I delved into this thread with the primary goal of delivering rebuke to the first poster I identified posting Ad homimem. Your post, #2, rang bells, but didn't cross the threshold per se (as far as I was concerned). To be frank, when I made my first reply to you I had only reviewed the first 50 posts. Perhaps there's a quite egregious offense in that regard subsequently.
I decided that whether or not your post #2 to this thread was Ad hominem, or could be classified as a "personal attack" was immaterial, in that the article itself cited "personal attack". This is nothing more than logic.
Whether or not the ethos, pathos, and logros of any debate framed within such construct is useful is beyond my abilities. My meager academic instruction has taught me that one should always address the audience in terms that they can understand - if the interest is to pursuade - so that a compelling argument may indeed be convincing.
Browbeating isn't going to earn anybody credibility - I present the myriad of conspiracy evidence cited respecting Oklahoma City bombing, Flt 800 "bombing", WTC "bombings", moon landing "hoax", etc.
I'm not going to stand here and argue science with you; I'm unqualified to do so. But I will state that the assertations and assertions made concerning evolution are rejected by myself. I understand the "scientific" arguments being made in support of the theory. However, it is my conviction that its all a mirage.
The sophisticated predictive abilities of ancient astronomers is quite reknown. HOWEVER, the essential premise that was the crux of the their calculations was that the Earth was the center of the "universe". Its astonishing to me to see, despite how "right" they were, they empirically were wrong. And so it is with evolution.
I completely understand that "spiritual" has no place in the scientific discipline. What part does "supernatural" have to do with science? That notwithstanding, can "science" operate within the purvue of the supernatural?

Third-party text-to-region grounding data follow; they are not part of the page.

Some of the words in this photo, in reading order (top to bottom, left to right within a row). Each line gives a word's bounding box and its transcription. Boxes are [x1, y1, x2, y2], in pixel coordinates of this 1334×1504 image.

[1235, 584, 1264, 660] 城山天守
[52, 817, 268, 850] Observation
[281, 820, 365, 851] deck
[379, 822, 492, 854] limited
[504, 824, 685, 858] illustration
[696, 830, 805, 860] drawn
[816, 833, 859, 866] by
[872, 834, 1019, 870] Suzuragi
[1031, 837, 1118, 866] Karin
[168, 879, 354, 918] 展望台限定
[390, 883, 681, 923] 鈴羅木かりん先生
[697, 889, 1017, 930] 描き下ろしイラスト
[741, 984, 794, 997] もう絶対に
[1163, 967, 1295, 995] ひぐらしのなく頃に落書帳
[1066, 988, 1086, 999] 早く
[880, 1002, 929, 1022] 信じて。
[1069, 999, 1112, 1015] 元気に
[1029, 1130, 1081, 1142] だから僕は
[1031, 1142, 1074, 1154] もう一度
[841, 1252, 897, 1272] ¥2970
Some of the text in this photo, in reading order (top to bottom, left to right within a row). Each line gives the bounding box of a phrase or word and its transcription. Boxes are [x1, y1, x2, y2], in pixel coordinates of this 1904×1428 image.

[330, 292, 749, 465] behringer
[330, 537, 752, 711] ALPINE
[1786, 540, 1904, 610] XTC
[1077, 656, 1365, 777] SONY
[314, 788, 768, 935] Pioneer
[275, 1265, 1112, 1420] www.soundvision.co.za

I dismiss absolutely the premise and conclusions upon which foundation the theory of evolution is based. Are evolutionary models useful in biological sciences? I would have to side on the "yea" sayers. However, and that notwithstanding, I posit that the original premise is flawed. A distinction is drawn between logical validity and truth. Validity merely refers to formal properties of the process of inference. Thus, a conclusion whose value is true may be drawn from an invalid argument, and one whose value is false, from a valid sequence.

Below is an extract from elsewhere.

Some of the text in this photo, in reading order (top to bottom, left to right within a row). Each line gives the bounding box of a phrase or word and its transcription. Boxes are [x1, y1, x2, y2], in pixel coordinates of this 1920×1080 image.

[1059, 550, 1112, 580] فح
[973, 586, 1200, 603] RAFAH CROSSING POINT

John Stuart Mill held that the scientist or experimenter is not interested in moving from the general to the specific case, which characterizes deductive logic, but is concerned with inductive reasoning, moving from the specific to the general. I see this concept with respect to evolution permeating all the sciences. For example, the statement "The sun will rise tomorrow" is not the result of a particular deductive process, but is based on a psychological calculation of general probability based on many specific past experiences; and so it is with evolution.
Are these logical arguments useful to the biological sciences in general? I'd have to say yes. If so, are the premises and conclusions upon which these arguments based "true"?
Some time ago I went round and round with somebody concerning the syllogism for intelligent design. I was shot down at every turn. I never received an answer to the construct of the syllogism for evolution. That's o.k., in that that question was if not immaterial, but irrelevant, to the issue specifically being debated at the time, i.e., intelligent design. I embrace the fallacy of intelligent design, not just in its logical failings, but in that the presupposition that I'm using as a basis for refutation is that of "religious belief". There's no place for that in science. My position is that science can be both "correct" and "incorrect" (as far as currently known), but there is only one Truth.